Ainsi, on peut déduire que peu, ou pas de garanties sont données pour la protection et l'assurance effective du consentement de la fille qu'on marie. Il faut signaler qu'après la Fatiha, les époux doivent signer l'acte de mariage à l'état civil et la présence de l'épouse et sa signature (et aussi celle de son tuteur) est requise ; mais cet acte n'est pas une condition de validité du mariage, il n'est qu'un moyen de preuve. Ainsi, en pratique, un mariage conclu grâce à la seule déclaration de volonté du tuteur sans assurance du consentement de la mariée est un mariage valable et complet. Les mariages conclus par la seule Fatiha (qu'on appelle coutumiers) sont validés par des jugements qui constatent l'accomplissement des rites, et le juge peut constater et valider le mariage non signé et non enregistré à l'état civil par la seule réunion de ses éléments constitutifs.
En Algérie, beaucoup de mariages coutumiers (sans acte d'état civil) et donc en possible violation de la volonté de la fille, ont été validés par les tribunaux. Il faut dire aussi que pour ces validations judiciaires, les juges peuvent s'enquérir et requérir la volonté de l'épouse, mais ces validations ne sont souvent demandées que plusieurs années après le mariage (en général pour la scolarisation des enfants à qui est demandé un acte de naissance), et il est pratiquement inconcevable pour la femme de demander l'annulation d'un mariage avec une nombreuse progéniture comme tel est souvent le cas.
La polygamie : Le droit à la jalousie
La licité ou plutôt la légalité de la polygamie frustre la femme du droit fondamental à la jalousie, tandis que certains courants doctrinaux de la chariaâ (législation islamique) subordonnent le droit de l'époux à la polygamie à certaines conditions, notamment la stérilité de l'épouse ou sa maladie et aussi le consentement de celle-ci, le code de la famille algérien en fait un droit incontrôlé sous la simple réserve de conditions et intentions d'équité qui ne peuvent en pratique être contrôlées qu'a posteriori et non préalablement au mariage. Par ailleurs, il n'est requis de l'époux qu'une formalité préalable consistant en une simple « information » de la ou des premières épouse(s). Au cas où elle(s) ne consentirai(en)t pas à cette rivalité, elles n'aurai(en)t que la possibilité de demander le divorce.

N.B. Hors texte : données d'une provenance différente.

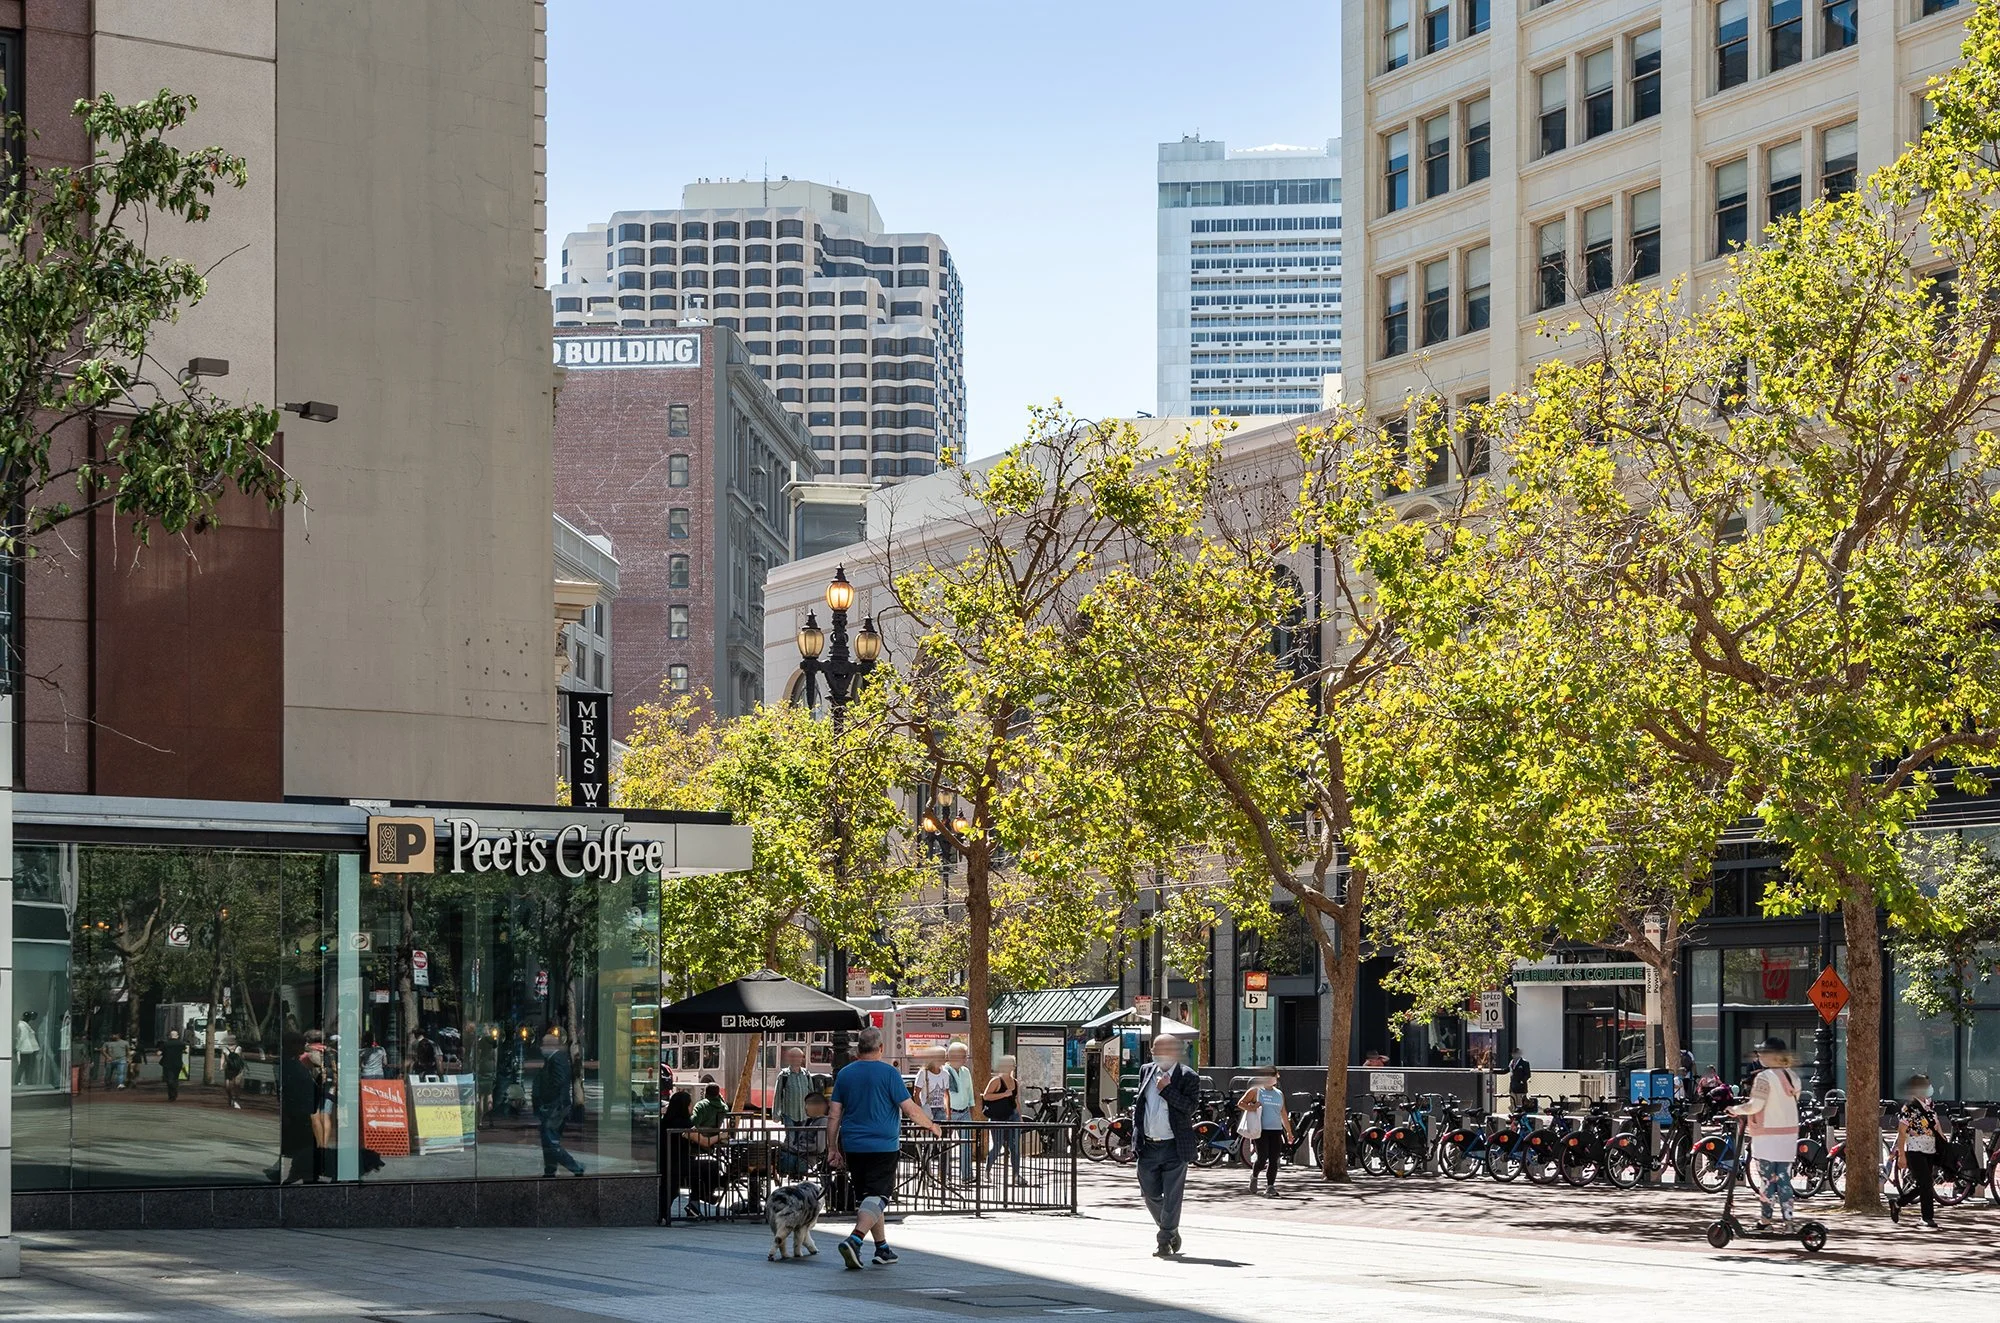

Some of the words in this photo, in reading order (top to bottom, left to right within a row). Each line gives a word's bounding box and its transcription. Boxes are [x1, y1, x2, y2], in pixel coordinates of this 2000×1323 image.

[565, 339, 693, 364] BUILDING
[443, 816, 548, 877] Peet's
[555, 822, 665, 884] Coffee
[1584, 966, 1644, 981] COFFEE
[760, 1014, 786, 1028] Coffee
[1486, 1009, 1498, 1022] 10

Il est vrai que la polygamie est parfois une meilleure alternative pour l'épouse que le divorce ou la séparation, le problème est que le texte algérien en fait un droit sans limites. L'épouse bafouée n'aura qu'à consentir et se soumettre ou partir séduite et abandonnée parfois, avec à sa charge une lourde progéniture. La légalité de la polygamie a fait dire à certains juristes que le droit musulman fait de la fidélité une obligation exclusivement féminine. Par ailleurs, le choix qu'on donne à l'épouse d'entériner et d'accepter une vie avec une ou d'autres co-épouses n'est parfois que chimérique en raison notamment des conditions économiques et des conséquences matérielles du divorce. En outre, si elle refuse cette cohabitation, l'époux aura l'issue facile dans une rupture du mariage, remède parfois aussi douloureux que le mal.

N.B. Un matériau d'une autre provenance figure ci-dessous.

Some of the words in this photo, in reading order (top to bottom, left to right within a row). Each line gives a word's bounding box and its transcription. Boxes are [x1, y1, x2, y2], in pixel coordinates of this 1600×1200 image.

Le divorce : L'inégalité devant la quête de liberté
Cet épisode ou incident de parcours conjugal est aussi une opportunité où la femme va être confrontée à une inégalité manifeste et expresse.
A l'instar de la conclusion du mariage, l'époux et l'épouse se retrouveront à l'occasion de sa rupture dans un statut fondamentalement inégal, déséquilibré et inéquitable.
L'époux peut divorcer pour toute raison ou même sans raison et ce, en exerçant son droit au divorce par volonté unilatérale, euphémisme de la répudiation. L'épouse, quant à elle, ne peut demander le divorce que dans cinq cas limitativement énumérés :
1)- défaut de paiement de la pension alimentaire prononcée par jugement, à moins que l'épouse eut connu l'indigence de son époux au moment du mariage ;
2)- pour infirmité empêchant la réalisation du but visé par le mariage ;
3)- pour refus de l'époux de partager la couche de l'épouse pendant plus de quatre mois ;
4)- condamnation du mari à une peine infamante ;
5)- absence de plus d'un an sans excuse valable ou sans pension d'entretien ;
6)- préjudice légalement reconnu ;
7)- faute immorale gravement répréhensible établie.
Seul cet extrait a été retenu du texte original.